At Trafalgar Studios, you probably are aware that The Maids is by Jean Genet, as it’s one of his most famous titles (Les Bonnes in the French). This version marks the UK premiere of this new version by Benedict Andrews and Andrew Upton, which resets the action in the US today. Mistress (Downton Abbey’s Laura Carmichael) is the cosseted wife of one of the 0.01% of one of the super-rich and her maids, played in Jamie Lloyd’s production by black actresses Uzo Aduba (from Netflix’s Orange is the New Black) and Zawe Ashton) – casting which inevitably raise thorny questions about not just wealth inequality but the enduring legacy of America’s past slavery.
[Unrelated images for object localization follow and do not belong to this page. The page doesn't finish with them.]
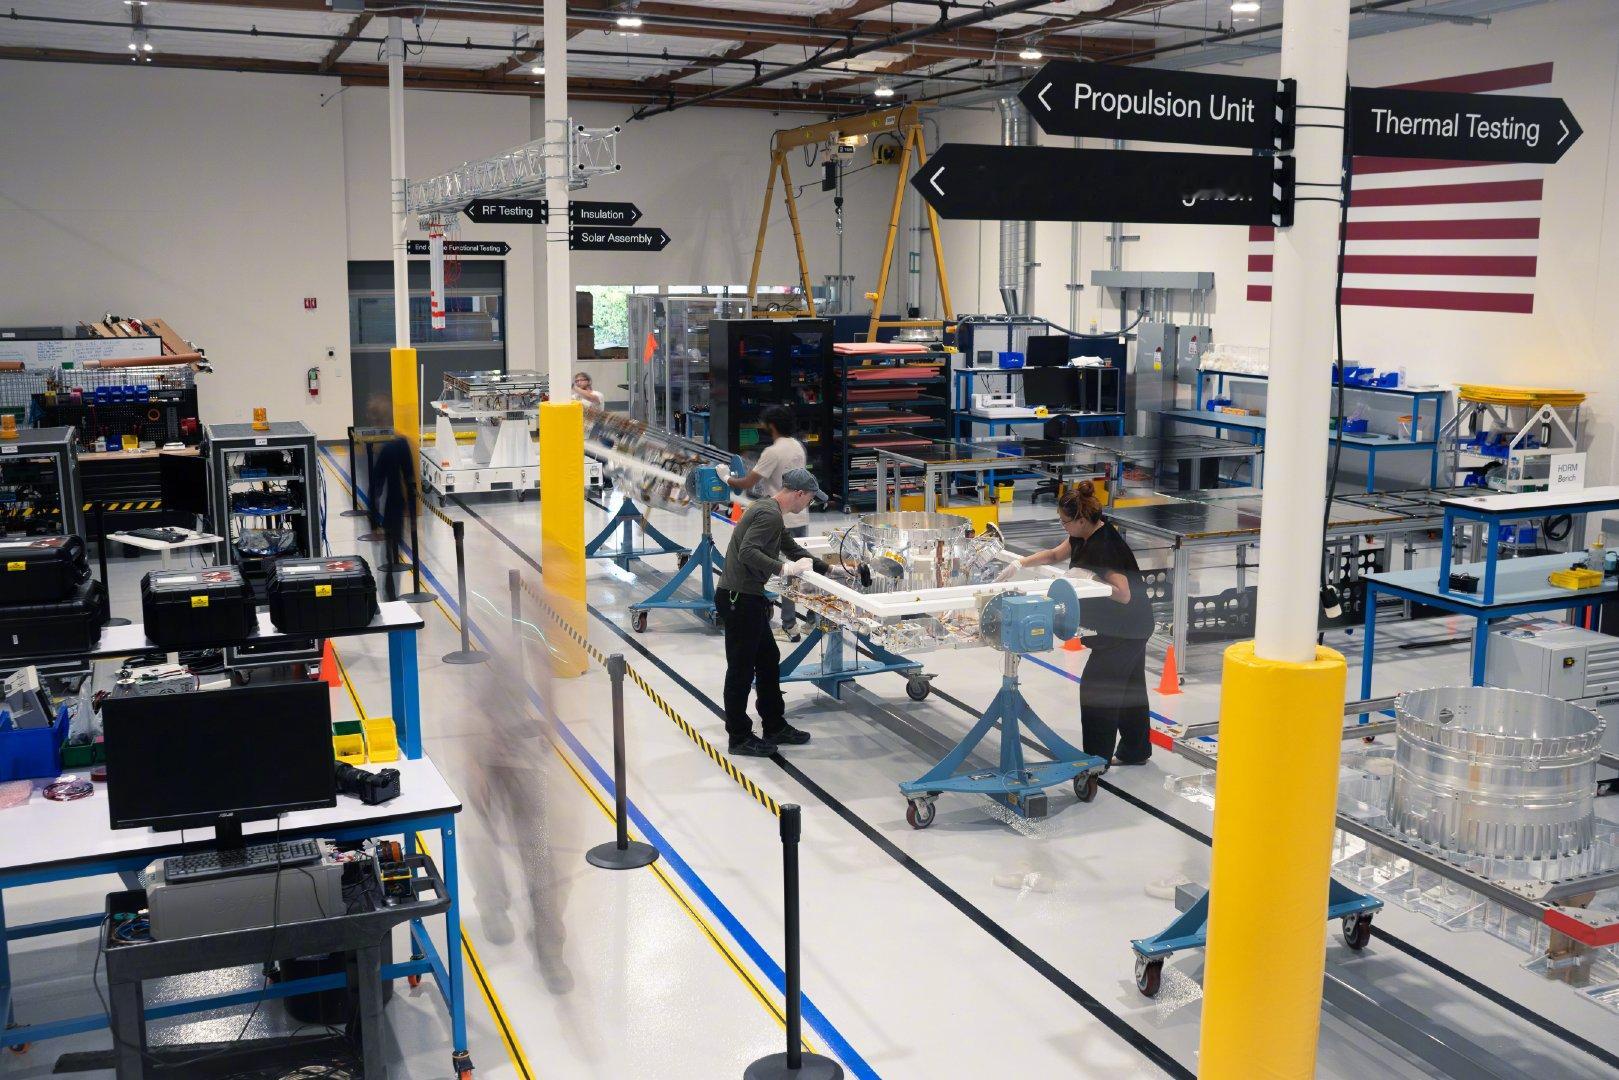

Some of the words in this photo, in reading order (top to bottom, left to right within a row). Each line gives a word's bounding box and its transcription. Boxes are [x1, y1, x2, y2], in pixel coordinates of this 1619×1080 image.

[1074, 82, 1200, 119] Propulsion
[1209, 94, 1255, 123] Unit
[1371, 108, 1459, 138] Thermal
[1465, 113, 1540, 147] Testing
[482, 205, 497, 215] RF
[499, 206, 533, 218] Testing
[581, 209, 624, 219] Insulation
[581, 232, 605, 242] Solar
[608, 233, 653, 245] Assembly
[448, 244, 479, 252] Functional
[480, 245, 501, 253] Testing
[1558, 463, 1578, 472] HDRM
[1558, 474, 1577, 482] Bench
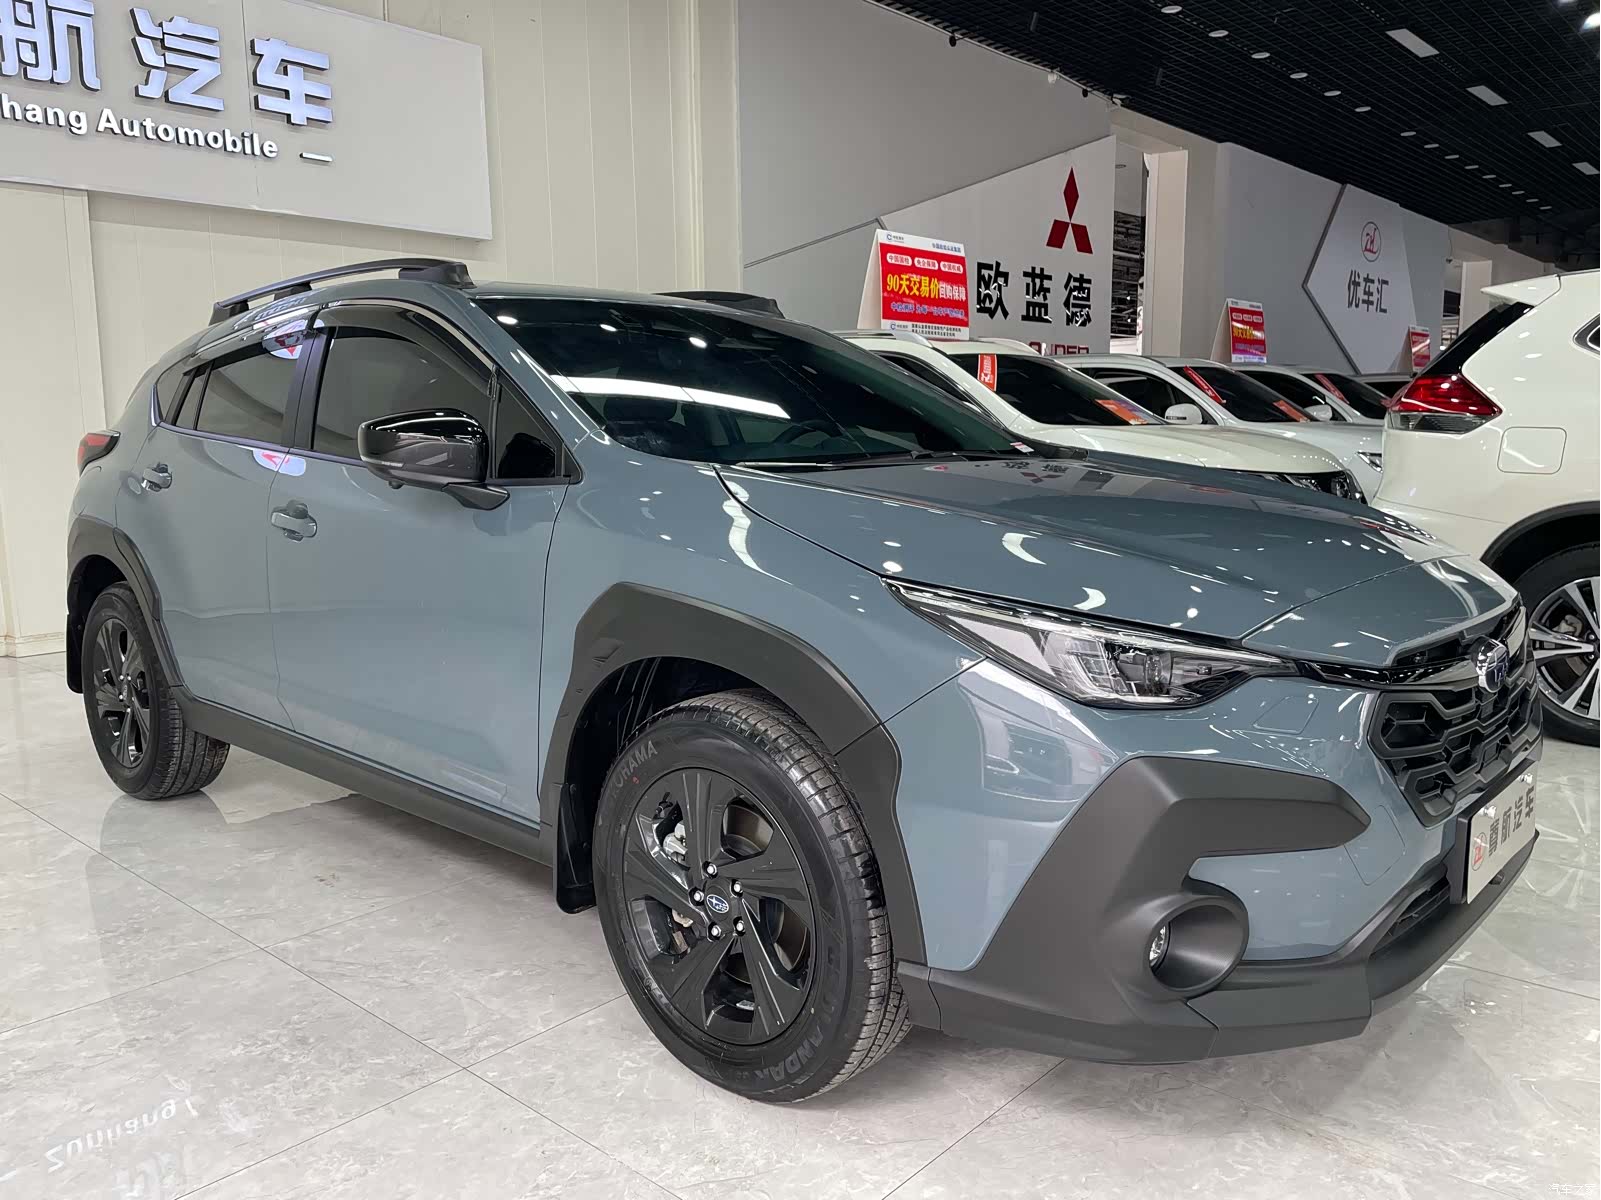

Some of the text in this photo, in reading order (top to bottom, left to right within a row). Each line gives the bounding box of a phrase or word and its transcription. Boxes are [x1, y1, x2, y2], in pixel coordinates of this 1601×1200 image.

All key farce elements – slammed doors, dropped trousers, ooh-er-mister sexual innuendos and mistaken identities – are present and heavily accounted for.
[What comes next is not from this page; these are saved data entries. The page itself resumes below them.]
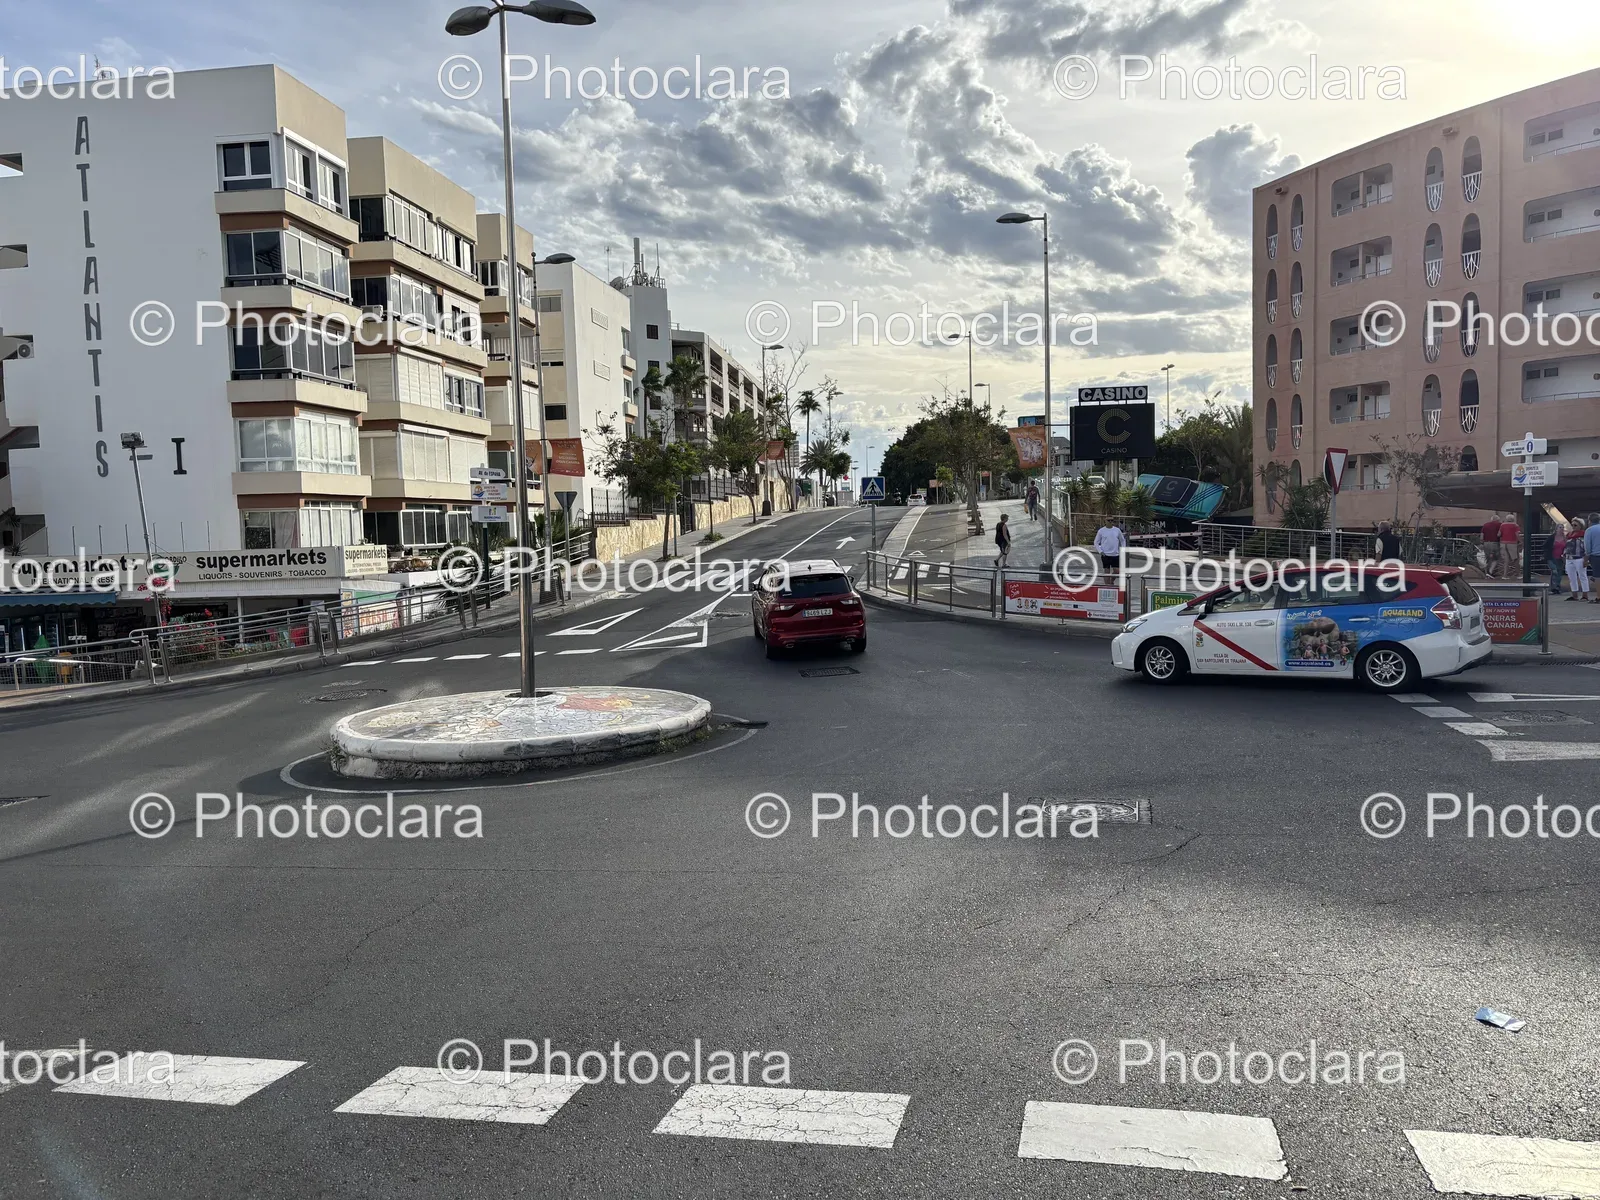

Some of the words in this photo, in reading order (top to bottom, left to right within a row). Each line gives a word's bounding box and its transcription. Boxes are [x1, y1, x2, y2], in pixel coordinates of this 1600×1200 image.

[1080, 386, 1147, 401] CASINO
[196, 549, 327, 572] supermarkets
[345, 546, 386, 562] supermarkets
[239, 570, 283, 579] SOUVENIRS
[289, 569, 327, 577] TOBACCO
[1382, 609, 1424, 617] AQUALAND
At the Garrick Theatre, as the latest offering in the year-long Branagh Theatre season, director Sean Foley’s eight-year journey to introduce Francis Veber’s original 1969 farce Le Contrat (also made into the Jacques Brel-led 1973 French-Italian film L’Emmerdeur, which translates as “the pain in the arse”) to English audiences culminates with the West End season of The Painkiller. Foley adapted the story – now set in a London hotel – and first staged it at Belfast’s Lyric Theatre in 2011 with Kenneth Branagh and Rob Brydon, who reprise their roles here. Brydon is the titular pain who checks into the room next door to Branagh’s contract killer on a job. All key farce elements – slammed doors, dropped trousers, ooh-er-mister sexual innuendos and mistaken identities – are present and heavily accounted for.
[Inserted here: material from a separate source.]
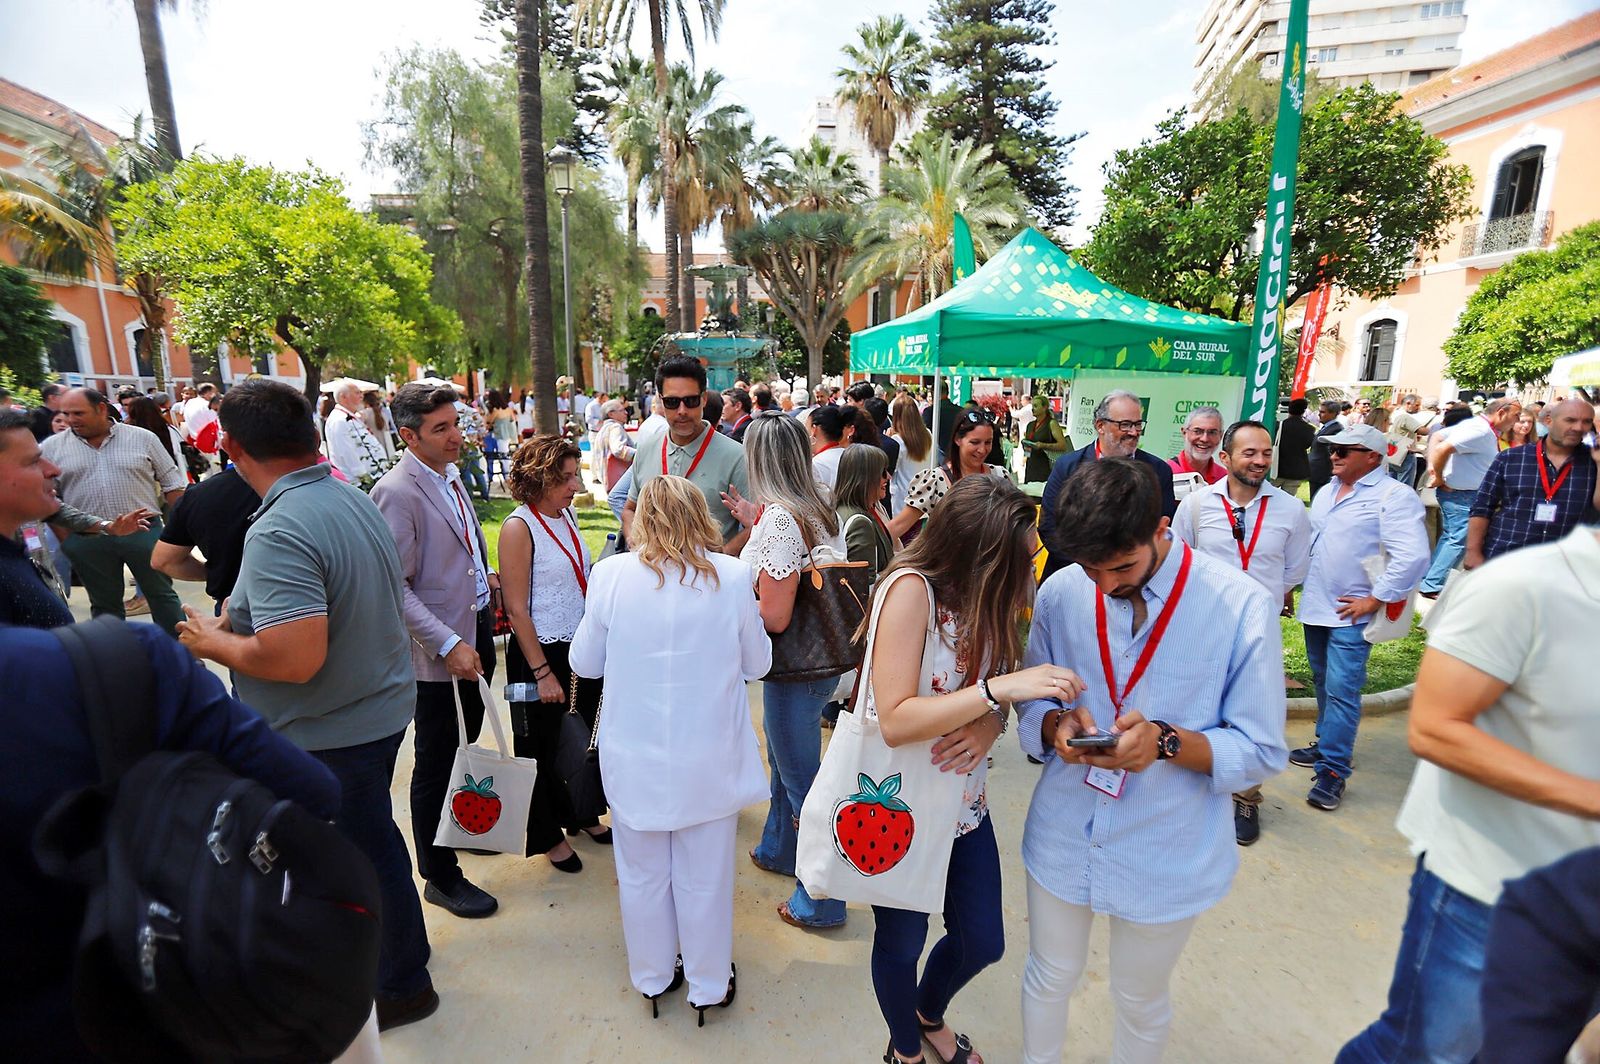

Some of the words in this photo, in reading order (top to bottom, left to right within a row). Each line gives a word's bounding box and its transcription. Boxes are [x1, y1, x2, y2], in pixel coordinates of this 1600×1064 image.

[1173, 340, 1197, 351] CAJA
[1198, 341, 1230, 353] RURAL
[1172, 350, 1193, 361] DEL
[1195, 352, 1216, 362] SUR
Kenneth Branagh plays an assassin in The Pain Killer
Mistaken (or not) identity, though more intriguingly and fully explored, is also at the heart of Welcome Home, Captain Fox! at the Donmar Warehouse. Anthony Weigh has created a totally captivating new take on Jean Anouilh’s little-known 1937 play Le Voyageur sans bagage (“the traveller without luggage). The luggage referred to is memory: soldier Gene (Rory Keenan) lost his during the Second World War. After years in a veterans’ hospital, he’s ‘rescued’ by a social-climbing do-gooder (hilarious Katherine Kingsley) who’s convinced he’s the Missing in Action Jack Fox, from a wealthy Hamptons clan. She brings him home to the family pile, where, despite the life of luxury on offer, as Gene learns more about the kind of man Jack Fox was, the less he wants to be him.
The current French connection also extends beyond the West End. We’ve just had a high-profile all-female revival of Edmund Rostand’s 1897 classic Cyrano de Bergerac, adapted by Glyn Maxwell and starring Kathryn Hunter, at Southwark Playhouse
At the Print Room next month, there’s a second helping of Jean Genet, with the first revival in thirty years of his first play 1944’s Deathwatch (Haute surveillance), in a new translation by David Rudkin. (Opening at the National next week, there’s even – sort of – a third helping of Genet, and the most French-sounding offering, with Les Blancs (The Whites), which American Lorraine Hansberry wrote in 1970 in response to Genet’s 1959 play The Blacks: A Clown Show, or Les Negres, clownerie in French.)
Finally (or more likely not – I’m sure I’m missing others), there’s more French farce on offer with Tabard Theatre’s revival of 1907’s well-known comedy of errors (another hotel-set affair… with many affairs) A Flea in Her Ear, in a new adaptation by Sacha Bush, directed by Alex Sutton.